Hombres, ¿Estáis a salvo?

María Isabel Blasco Robert

Abogada en A Coruña

Hace unos años fueron aprobadas la Ley 27/2003, de 31 de julio, reguladora de la Orden de protección de las víctimas de la violencia doméstica, que busca proteger a cualquier miembro de la familia, que sufra agresiones por parte de otro familiar en el hogar y la Ley Orgánica, 1/2004, de 28 de diciembre, de medidas de Protección Integral contra la Violencia de Género que busca proteger a las mujeres contra las agresiones de todo tipo a mano de los hombres que sean sus cónyuges o hayan tenido una relación de pareja.

Ambas son acertadas, aunque nos centraremos en la que protege a la mujer. Es muy cierto que la Ley de Violencia de Género protege a aquellas mujeres que realmente son víctimas de maltrato. Ningún hombre tiene derecho a golpear a una mujer y hacerle daño y tampoco al contrario, por supuesto.

Hoy en día las mujeres están especialmente protegidas y eso es bueno, siempre y cuando la situación de maltrato exista de verdad. Y digo verdad, preguntando a todas aquellas que además de mujeres son madres y tienen hijos varones. Se preguntarán qué pasa cuando sus hijos son denunciados por su actual pareja o esposa y son inmediatamente detenidos sin preguntar.

En el mes de agosto y sin previo aviso el Gobierno actual modificó por razones de urgencia el Código Civil, en el sentido de dejar fuera de la decisión de los padres la posibilidad de que sus hijos reciban asistencia psicológica desde el primer momento. También modificó la Ley de Violencia de Género, añadiendo que se podrán acreditar las situaciones de violencia mediante informe de los servicios sociales, de los servicios especializados, o de los servicios de acogida destinados a víctimas de violencia de género de la Administración Pública competente, dejando en manos de las Comunidades Autónomas desarrollar el Procedimiento a seguir.

En mi opinión esto es algo aberrante, puesto que antes de la Reforma de la Ley la violencia de género quedaba sometida a un control judicial con intervención del Ministerio Fiscal, personas que tenían autoridad para determinar en función de las pruebas practicadas en un procedimiento de instrucción y posterior juicio si esa situación de violencia realmente había existido para dictar una sentencia condenatoria.

Hoy en día, y al abrir la veda a los asistentes sociales, servicios especializados o servicios de acogida, nos preguntamos qué pruebas o comprobaciones van a practicar para averiguar que realmente ha existido un maltrato.
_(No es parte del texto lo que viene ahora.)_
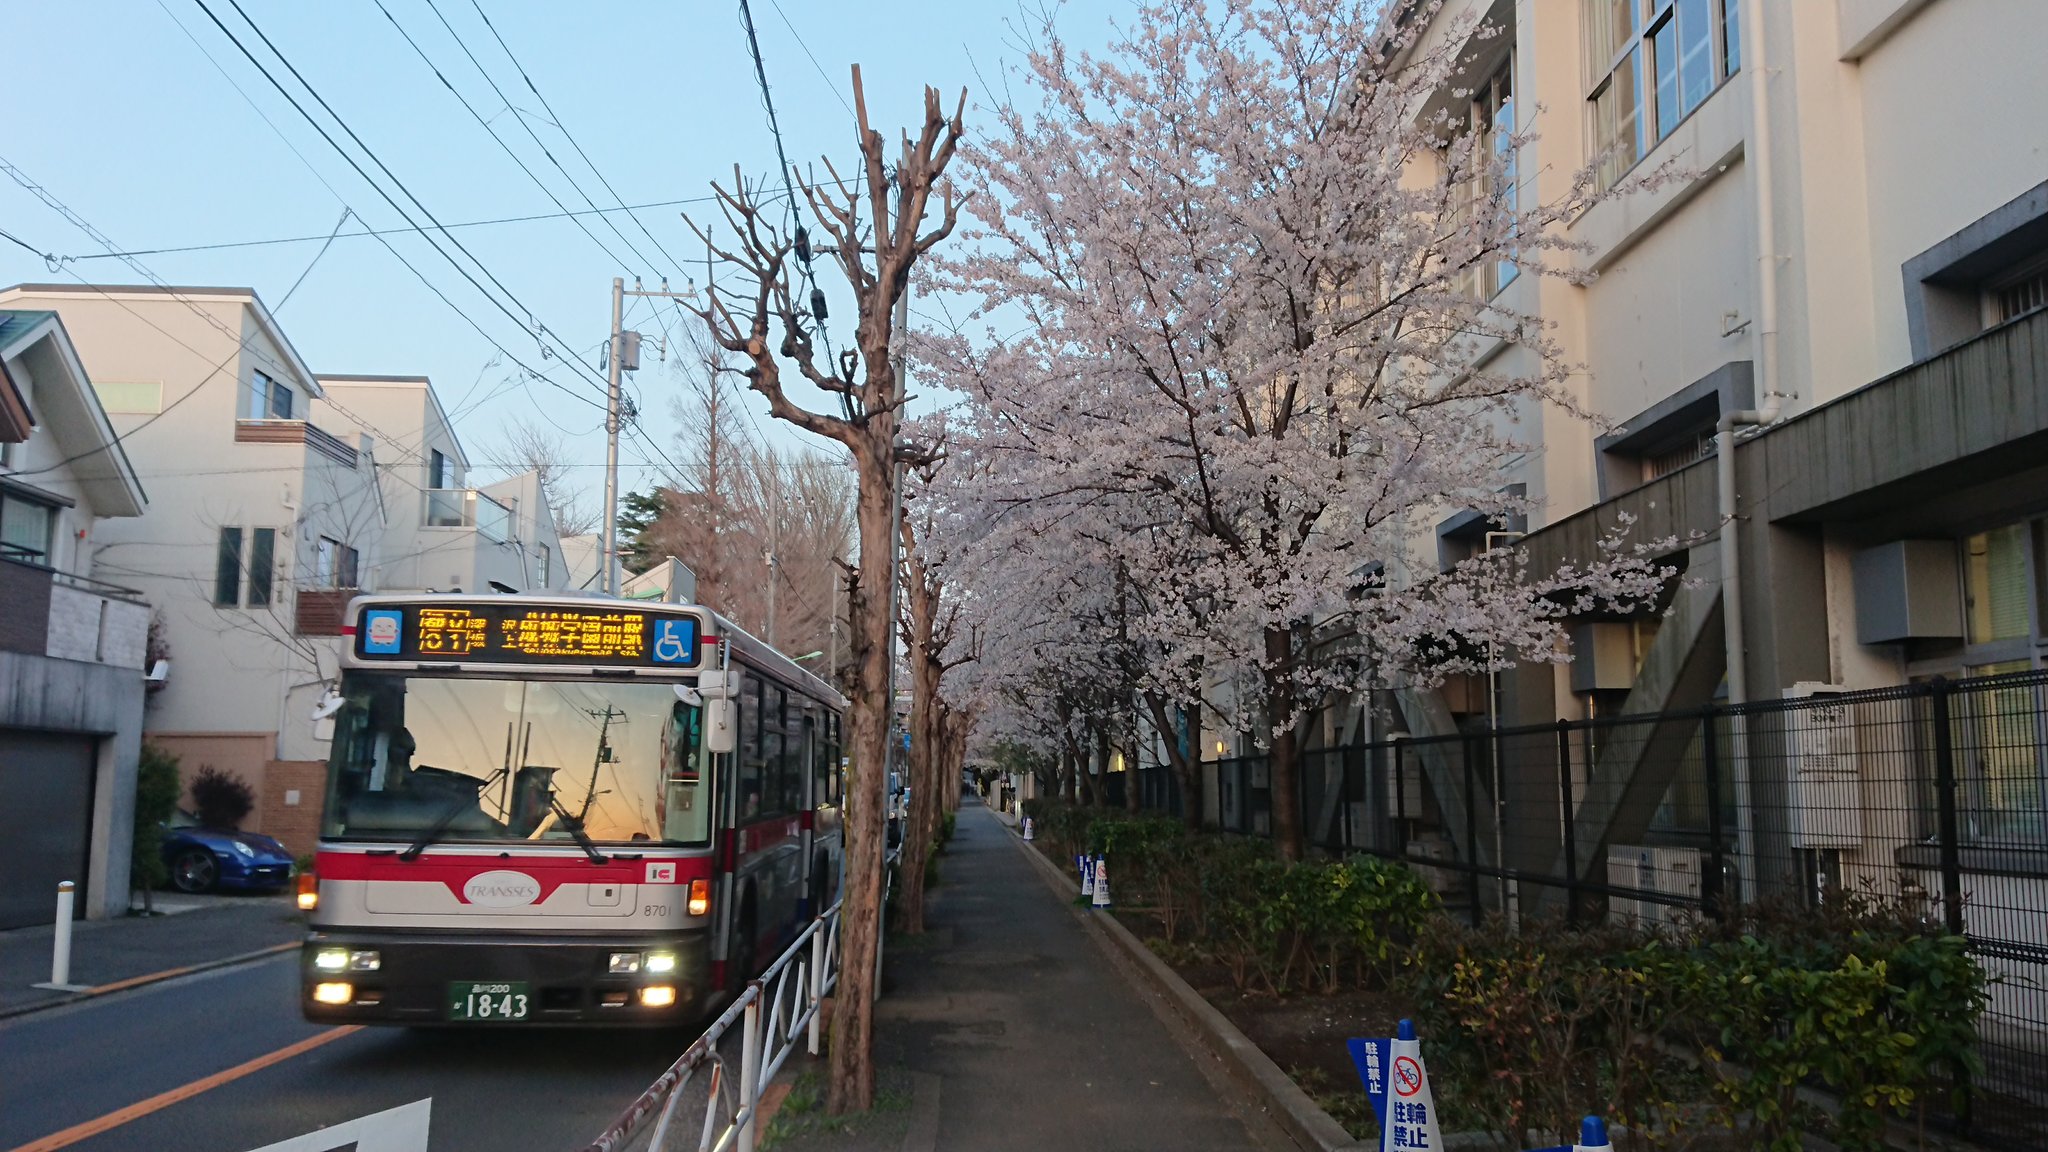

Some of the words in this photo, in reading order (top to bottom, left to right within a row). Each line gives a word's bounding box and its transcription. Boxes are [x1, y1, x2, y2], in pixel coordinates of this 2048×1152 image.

[425, 632, 463, 650] 01
[469, 885, 535, 898] TRANSSES
[643, 904, 672, 917] 8701
[466, 993, 528, 1018] 18-43
[1364, 1041, 1383, 1095] 駐輪禁止
[1393, 1101, 1428, 1126] 駐輪
[1393, 1125, 1430, 1149] 禁止
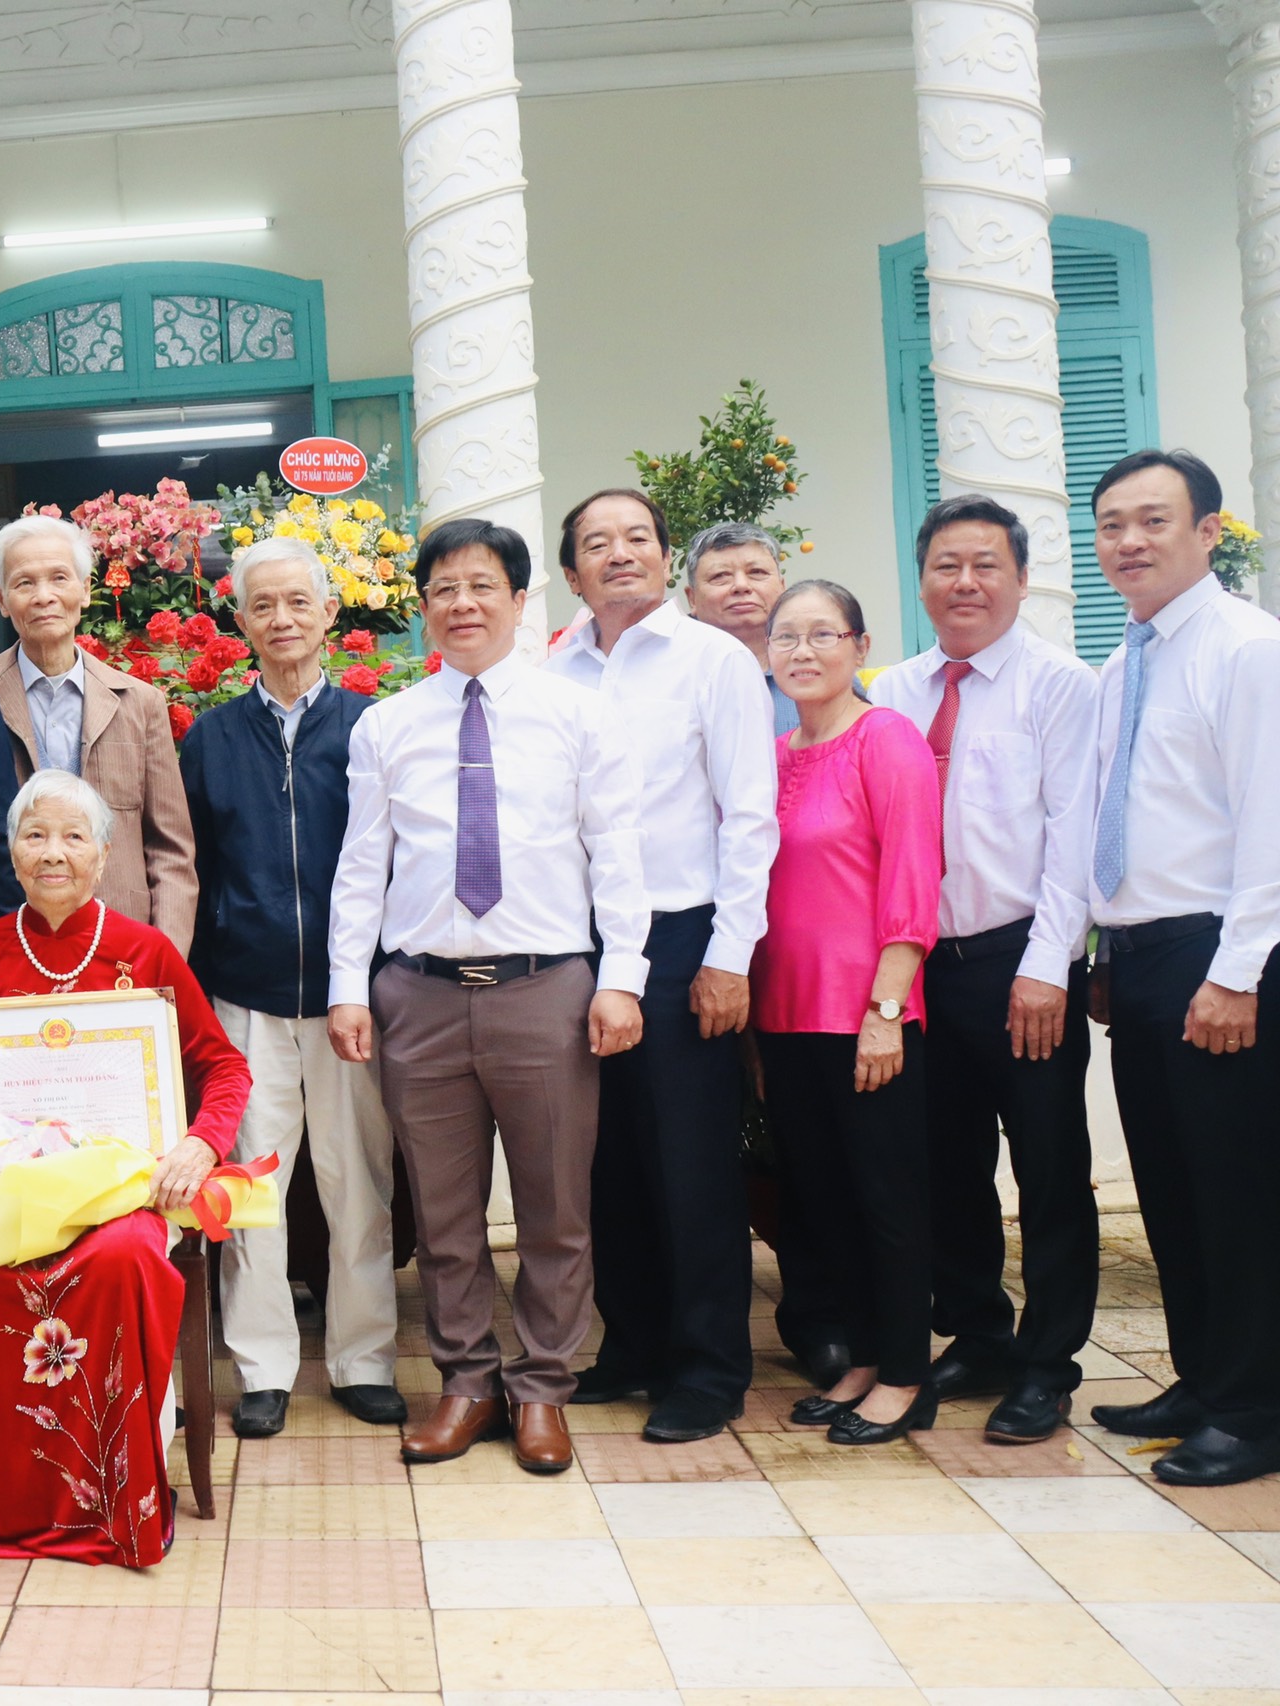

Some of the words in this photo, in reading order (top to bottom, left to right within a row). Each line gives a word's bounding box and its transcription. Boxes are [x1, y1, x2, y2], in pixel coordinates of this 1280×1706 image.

Planteémonos que con la actual Ley modificada un simple informe de servicios sociales sería suficiente para acreditar esta situación de maltrato. Qué locura, ¿verdad? ¿Dónde queda el principio de presunción de inocencia en estos casos?

¿Qué efectos produce en el hombre denunciado? Devastadores. Pierde la patria potestad de sus hijos sin capacidad de decisión, no ha sido juzgado, pero ya ha sido condenado a los ojos de todo el mundo. Y yo me pregunto, ¿Dónde quedan las garantías procesales?

Desde mi punto vista resulta inaudito y muy grave esta situación. Espero que cuando las Comunidades Autónomas redacten la normativa respeten el principio de presunción de inocencia, porque al final, y como siempre, esta sobreprotección a las mujeres, terminará provocando situaciones muy injustas para algunos y peores para otras, las que verdaderamente sufren violencia de género.

Y yendo un poco más allá, me pregunto, igual que la vida da muchas vueltas, también lo hacen las leyes. ¿Que pasará en un futuro? Nadie lo sabe porque nadie lo puede predecir, pero cuidado, quien no conoce la historia la termina repitiendo y en las manos de los políticos que estamos, nadie es capaz es capaz de aventurar que pasará.

¿Lo sabe alguien?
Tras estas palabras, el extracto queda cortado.